Brunt has done work at NASA's Goddard Space Flight Center, working directly with the Ice, Cloud and land Elevation Satellite-2 (ICESat-2) Project. This project is a continuation of NASA's original ICESat, with improved technology and research. The satellite launch was planned for 2017 but wasn't successfully launched until the third quarter of 2018. The satellite will be active and in an extended mission until September 2026. Brunt's role on the team is validating data collected by the satellite. She works comparing satellite data to on-the-ground or ground based data, collected by researchers like herself. She focuses primarily on ice flows in the Ross Ice Shelf, and is quoted mentioning how flows are the only part of any formation to be a part of oceanic, atmospheric, and terrestrial systems, giving us insight in all three.

In summer 2017, Brunt traveled to the U.S Air Force base in Thule, Greenland to run the Slope Imaging Multi-polarization Photon-counting Lidar (SIMPL). SIMPL is a device that measures both sea and land ice levels in the Arctic.
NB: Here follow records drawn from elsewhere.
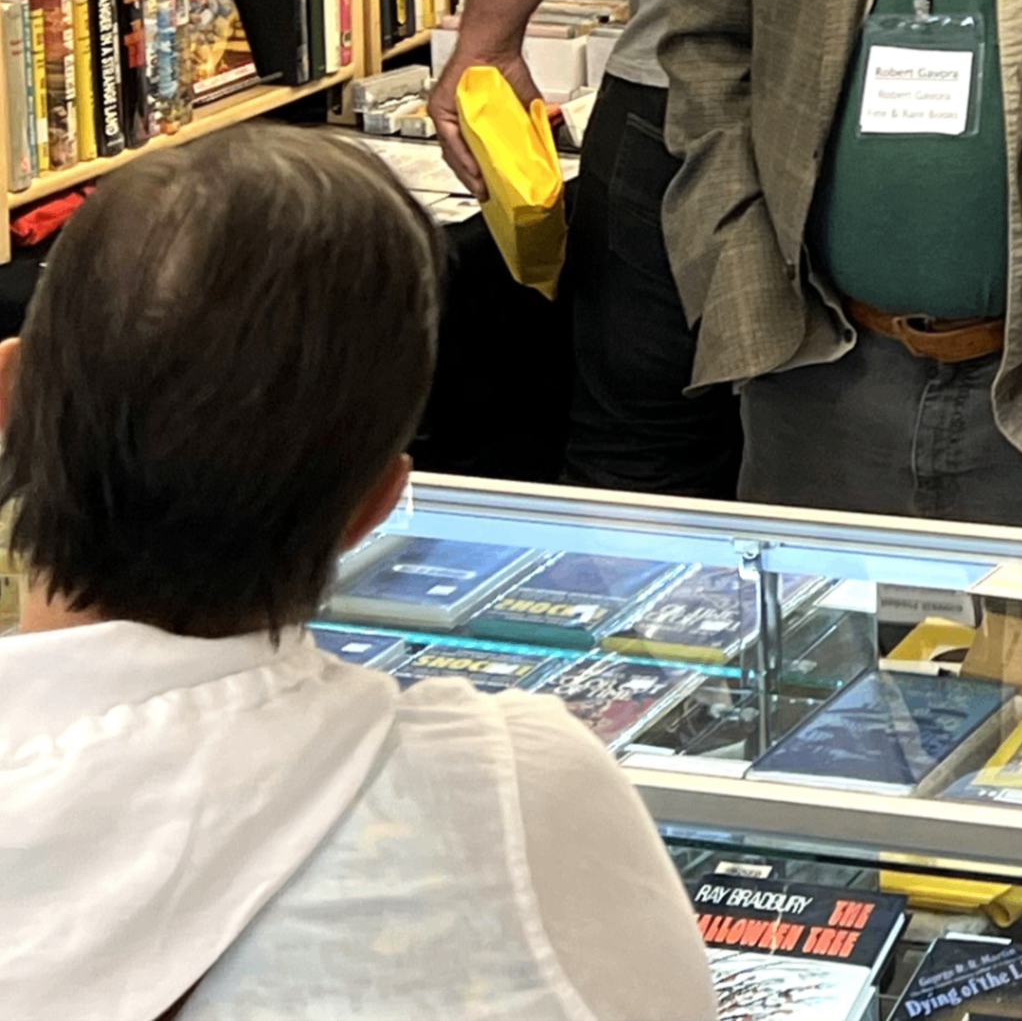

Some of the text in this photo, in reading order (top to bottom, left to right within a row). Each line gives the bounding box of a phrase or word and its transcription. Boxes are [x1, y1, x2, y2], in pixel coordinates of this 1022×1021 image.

[100, 34, 113, 47] IN
[102, 48, 114, 58] A
[102, 58, 117, 105] STRANGE
[875, 66, 959, 79] Robert Gavora
[878, 89, 912, 99] Robert
[105, 106, 119, 136] LAND
[493, 598, 596, 619] SHOC
[412, 655, 514, 674] SHOC
[695, 884, 813, 914] RAY BRADBURY
[828, 899, 876, 929] THE
[697, 913, 861, 958] ALLOWEEN TREE
[918, 969, 954, 988] George
[980, 948, 1017, 965] Martin
[904, 989, 963, 1018] Dying
[961, 980, 979, 998] of
[977, 972, 1010, 992] the
During 2017's Antarctic summer, the beginning of December through end of January 2018, Brunt spent time in Antarctica doing 450 miles of data mapping and validation to support the ICESat-2 satellite launch. Driving PistenBullys, large, tractor-like vehicles, they traveled through Antarctic ice and snow collecting data while pulling their entire camp completely assembled behind them. This traverse became the first of its kind in duration and length while assuming this pre-built arrangement.
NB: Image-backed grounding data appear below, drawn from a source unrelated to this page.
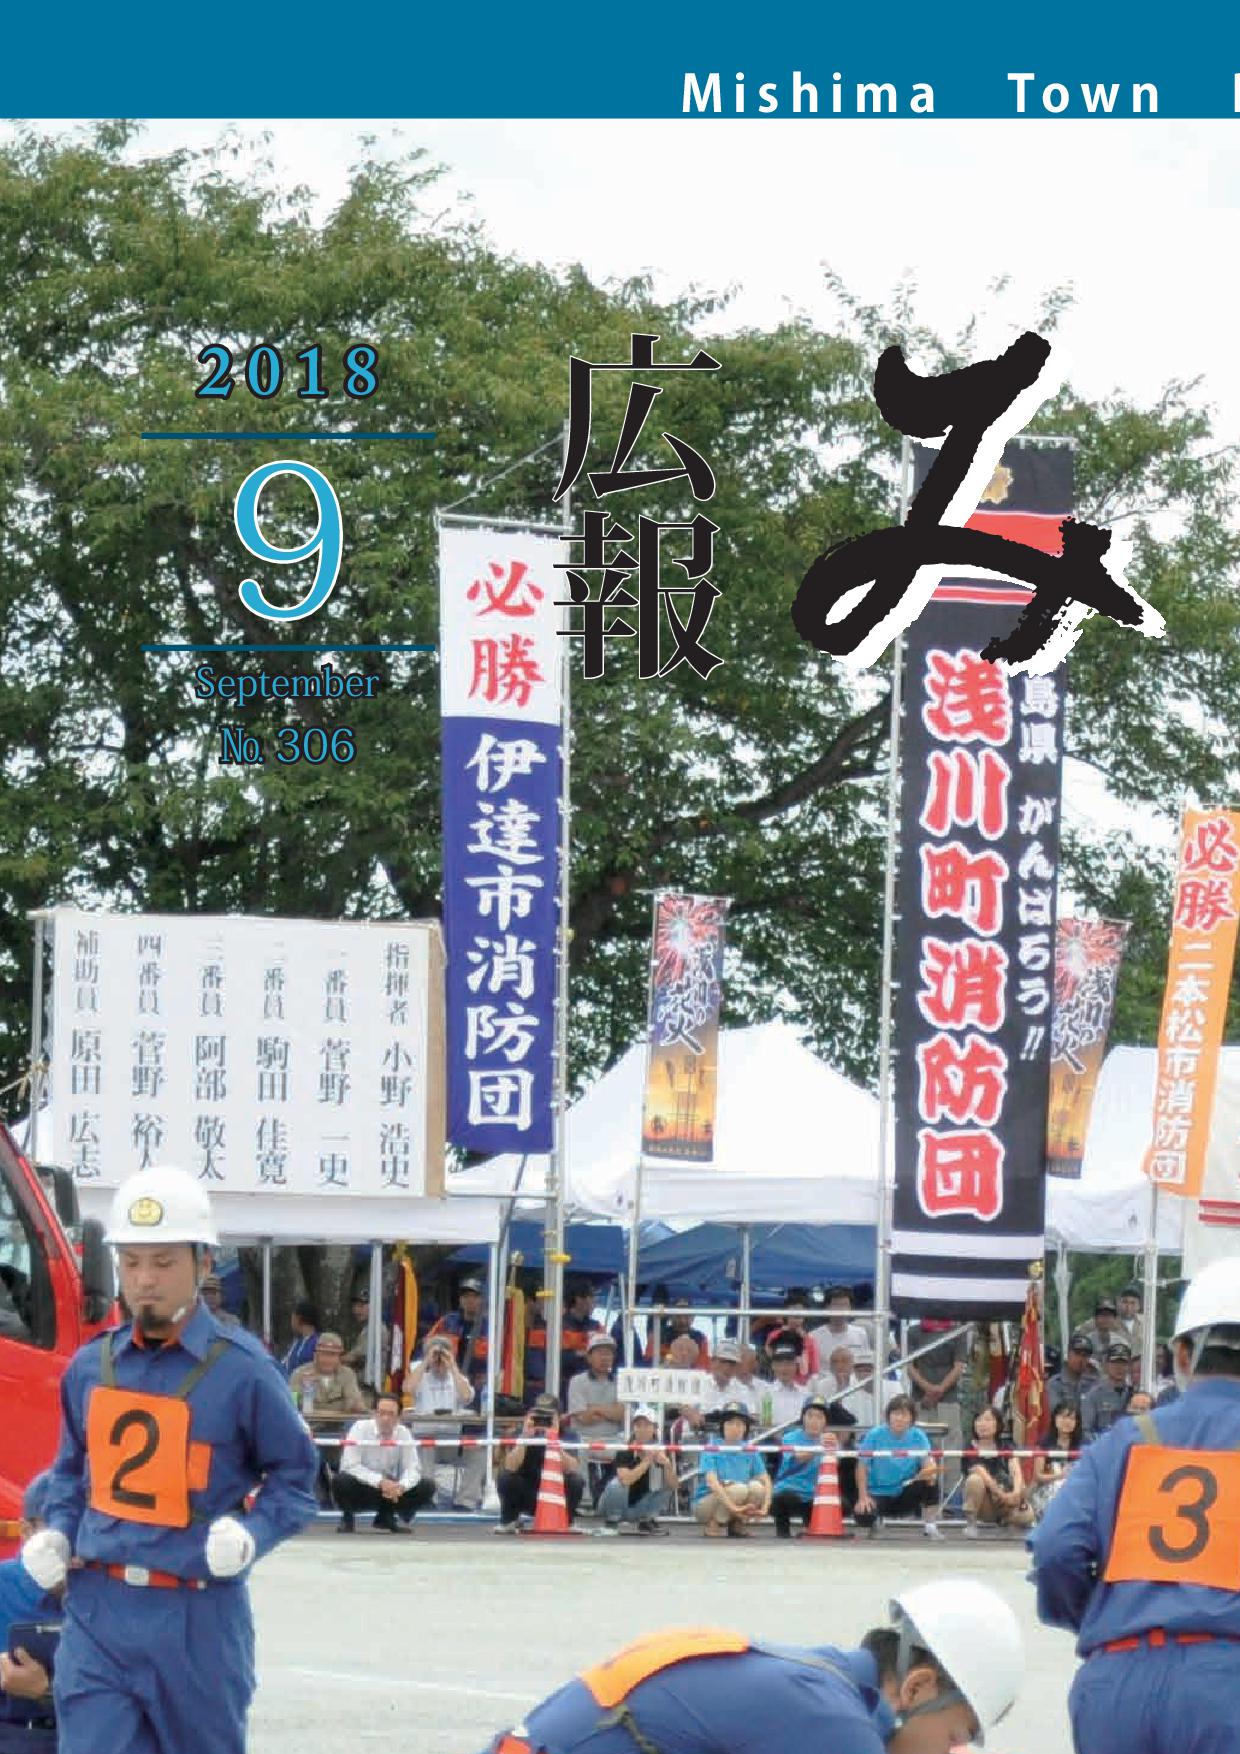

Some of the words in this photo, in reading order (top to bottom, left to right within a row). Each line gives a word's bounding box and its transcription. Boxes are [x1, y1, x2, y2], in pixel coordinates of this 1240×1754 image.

[466, 560, 545, 708] 必勝
[1174, 817, 1240, 932] 必勝
[464, 733, 548, 1132] 伊達市消防団
[916, 648, 1013, 1221] 浅川町消防団
[137, 935, 163, 1015] 四番員
[385, 941, 410, 1026] 指揮者
[71, 1028, 100, 1095] 原田
[132, 1030, 166, 1098] 菅野
[195, 1034, 227, 1101] 阿部
[256, 1035, 290, 1102] 駒田
[319, 1037, 350, 1106] 菅野
[380, 1040, 413, 1108] 小野
[69, 1110, 100, 1180] 広志
[195, 1113, 227, 1181] 敬太
[380, 1122, 411, 1189] 浩史
[110, 1409, 160, 1510] 2
[1149, 1466, 1218, 1562] 3
In 2021, Brunt joined the Office of Polar Programs with The National Science Foundation as a Program Director (IPA) on temporary assignment where she remained for three years. She operated within the Arctic System Sciences program and the Antarctic Glaciology Program.

In 2024, her position became permanent at The National Science Foundation. However, six months later in 2025, Brunt was relieved from her post due to the federal government's downsizing under the Trump administration, which cut many facets of scientific research, particularly polar research. Brunt continues to work at Goddard Space Flight Center.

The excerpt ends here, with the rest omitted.